We’re off to buy a new TV tonight (“It’s as big as you are! Literally. It’s 60”) because… wait. We don’t need a “because.”

Call that the bright side?

Welp. Here we are. I’ve written another blog post from Friday night, but that one felt a bit heavy, so I’m leaving you this, too.

Preston’s cancer is back. It’s a hell of a lot sooner than we’d hoped.

But.

Well, it is what it is.

He has 8 nodules in his lungs and one in his liver. They’re “tiny” by cancer standards, so we’ve got that going for us. We’ve met with his oncology team and feel confident that they’re ready to come out swinging.

Chemo starts June 4th.

FOLFIRI + Avastin this time. We’re switching out the Oxaliplaitin which was the drug that caused all sort of weird side effects. He’ll still get the pump for 46 hours once every two weeks in addition to an infusion of the other stuff.

Surgery’s not really on the table since it didn’t really work. It’s just too hard on the body and the lesions are in too many places. The idea is to shrink/keep the existing tumors at bay while keeping others from forming. It’s pretty much like managing a chronic disease. Hopefully we’ll be doing the managing for a long time!

We were pretty blindsided (see my other post for the real-time version. I’m sharing it because I think it’s an honest perspective) but now a few days out, I am really glad that  I didn’t spend the last 6 months agonizing over cancer. We were pretty free from it, actually, and it was a real blessing.

I’ve updated our FAQs page here with information about how you can help and also some things that we learned from last time. Hindsight is kind of an amazing thing. There were a few things that I’ll do differently this time – for example, I plan to see a counselor – and where we are now doesn’t feel like we’re riding a rollercoaster without a harness. It’s more like a commuter train – it stops in plenty of places we’d rather not be, but it mostly gets us where we need to go and it’s not scary unless you jump in front of it.

I’m not sure that analogy works. Sorry. I’m tired and that’s the best I can do for now.

With love,

Sarah

It’s Friday night and Preston’s cancer is back. You don’t know this yet – we’re in that fun stage of things where we know, and the doctors know, but no one really wants to say it out loud because “there’s still a chance…”

Sure. But come on. You’re monitoring him every few months. And so when the exact thing you’ve been looking for shows up…

It’s back.

The most maddening thing about it right now is that I had let my guard down. I had begun to make plans. To daydream. To believe that we were’t “the cancer family” anymore. That we should probably ask the church to take us off the prayer list. That we could think about what vacation we would want to go on for our 10th anniversary.

Our 8th was Tuesday. We didn’t celebrate with much fanfare and it was lovely. Just barbeque chicken at home with Conor. And even though I knew he had scans coming up in a couple of days, I don’t think I gave any credibility to the very fleeting thought that it could be back.

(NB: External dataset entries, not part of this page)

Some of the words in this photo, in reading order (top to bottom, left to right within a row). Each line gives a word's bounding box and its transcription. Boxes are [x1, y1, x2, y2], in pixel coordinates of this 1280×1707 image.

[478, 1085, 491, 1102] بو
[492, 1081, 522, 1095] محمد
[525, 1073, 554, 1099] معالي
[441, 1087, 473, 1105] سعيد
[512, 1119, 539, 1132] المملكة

Cancer families are’t allowed to daydream. It’s just not a luxury we get to have. I’ve gotten pretty good at living in the moment, and I think we could all stand to be a bit better at it. But, let’s face it, that’s just our reality.

And there is something so tragic about having that taken away. Humans, in general, are wonderful at planning. It’s said that people get more enjoyment about looking forward to the vacation than the actual vacation itself. We daydream when we’re bored or when we need a break from the day to day. We look forward to the next holiday or the next time we see each other. We grasp on to the fleeting moments of childhood while still wishing for this phase they’re going through to hurry on up…

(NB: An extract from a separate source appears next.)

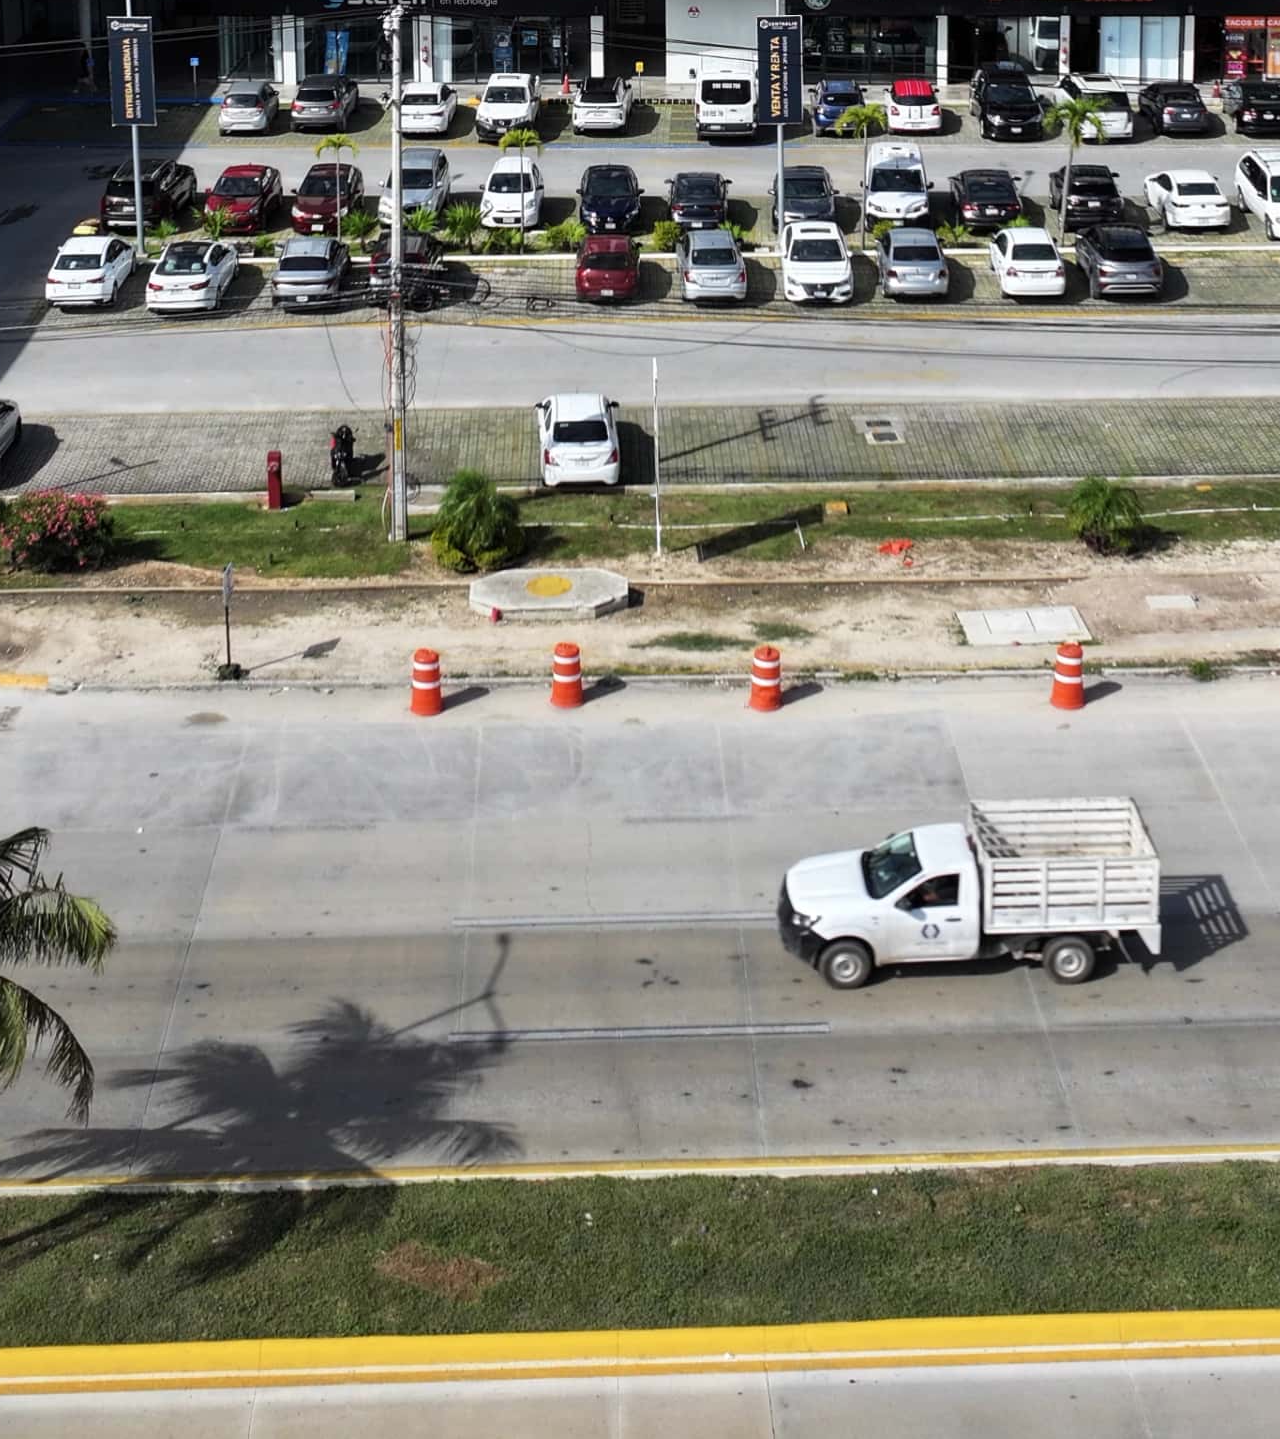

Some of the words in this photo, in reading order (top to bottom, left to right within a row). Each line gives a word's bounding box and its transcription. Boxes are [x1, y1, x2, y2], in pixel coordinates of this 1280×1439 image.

The first time, it was not letting myself look ahead that became both my most important armor and darkest place. Watching the person you love most in the world suffer terribly for extended periods of time is devastating. So is sleeping in the guest bedroom (it’s always cold in there) putting on a brave face when it becomes your job to hold their discomfort. (side note: If I can hold it together, you can, too. And please don’t hug me because you’re upset. But I still love you, it’s cool.)

But being forced to live in the moment, feels rather different than making that choice.